Task inputs —
<<<<

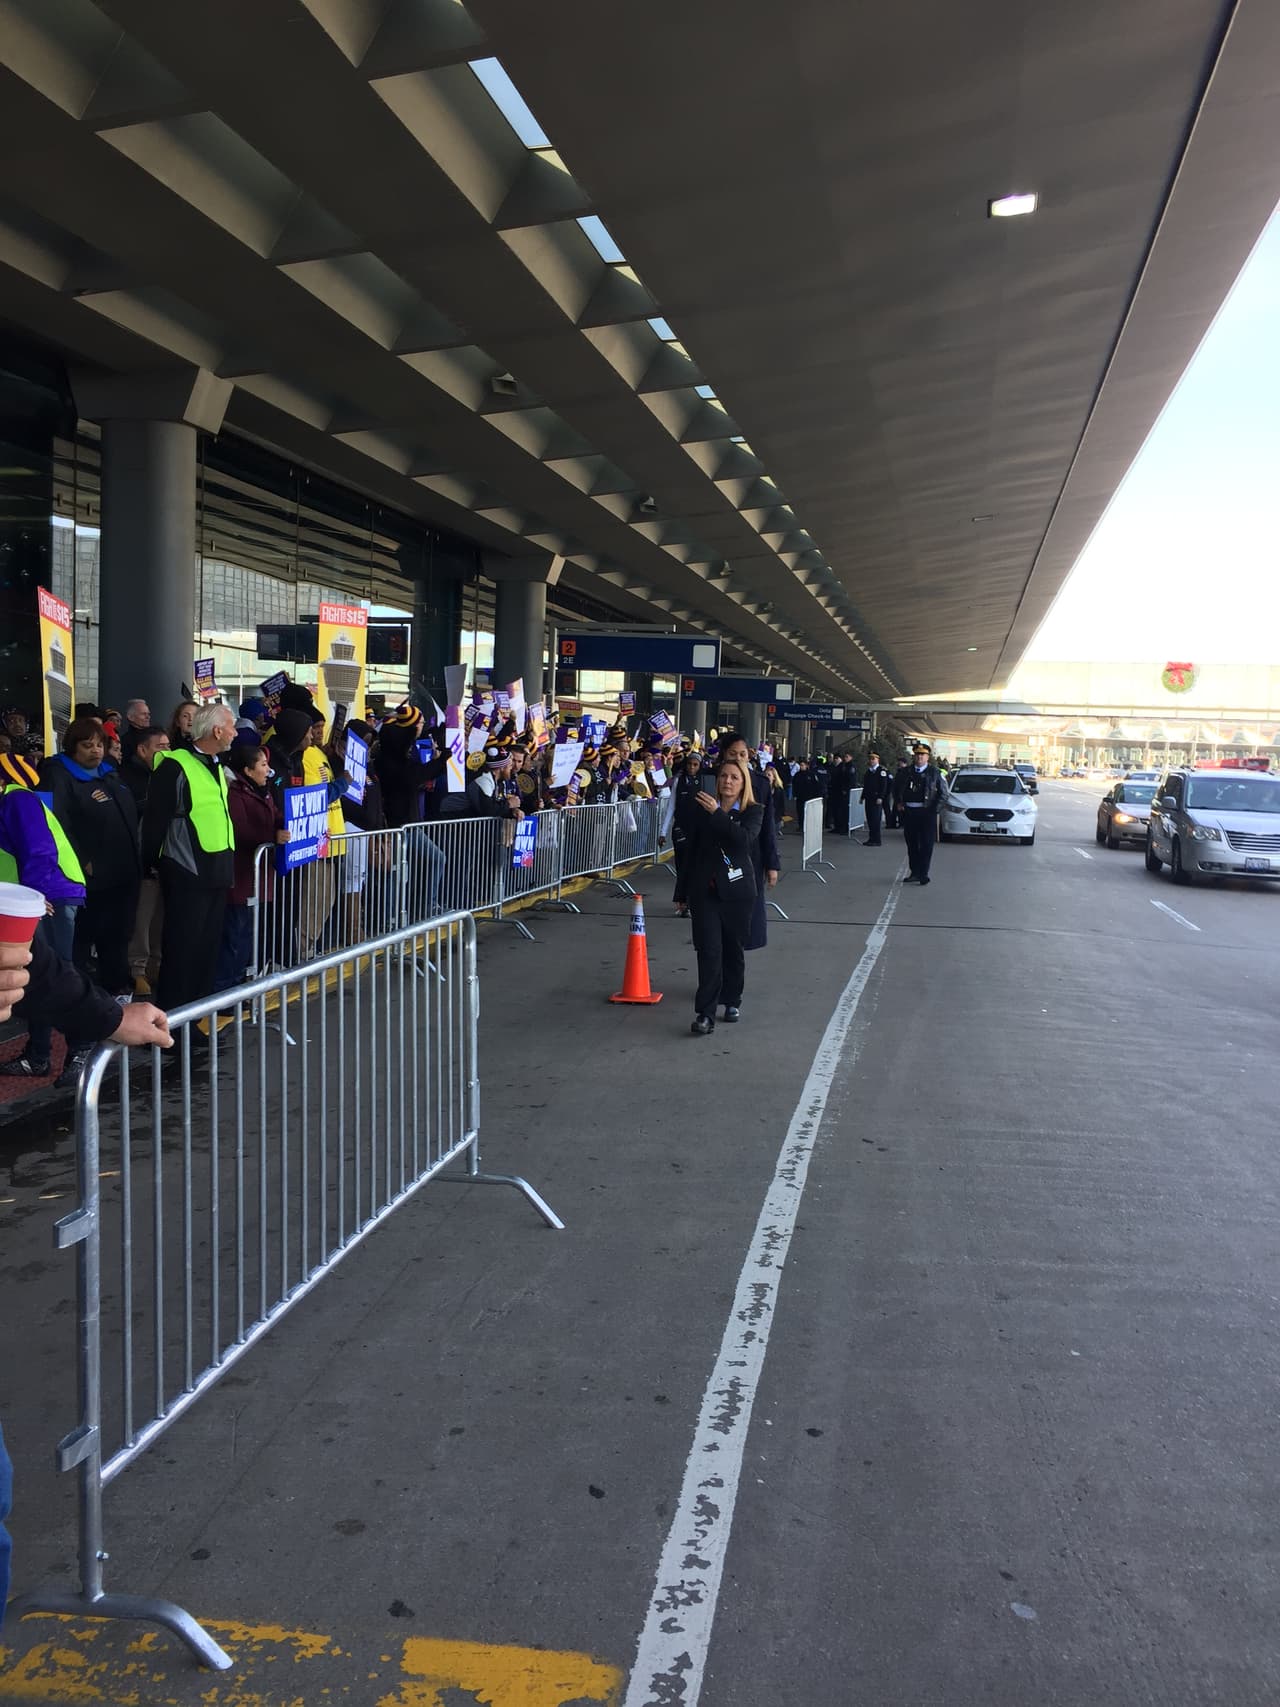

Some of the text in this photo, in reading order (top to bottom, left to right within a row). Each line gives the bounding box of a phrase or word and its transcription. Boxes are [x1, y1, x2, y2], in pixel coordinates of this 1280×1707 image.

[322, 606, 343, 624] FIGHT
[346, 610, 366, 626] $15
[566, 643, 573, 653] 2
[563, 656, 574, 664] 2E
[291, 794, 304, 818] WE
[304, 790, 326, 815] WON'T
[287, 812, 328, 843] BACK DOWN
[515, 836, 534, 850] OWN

>>>>

Once the pictures are set aside, repeat the data above exactly.

Result for this exercise —
Some of the text in this photo, in reading order (top to bottom, left to right within a row). Each line gives the bounding box of a phrase or word and its transcription. Boxes are [x1, y1, x2, y2], in pixel coordinates of this 1280×1707 image.

[322, 606, 343, 624] FIGHT
[346, 610, 366, 626] $15
[566, 643, 573, 653] 2
[563, 656, 574, 664] 2E
[291, 794, 304, 818] WE
[304, 790, 326, 815] WON'T
[287, 812, 328, 843] BACK DOWN
[515, 836, 534, 850] OWN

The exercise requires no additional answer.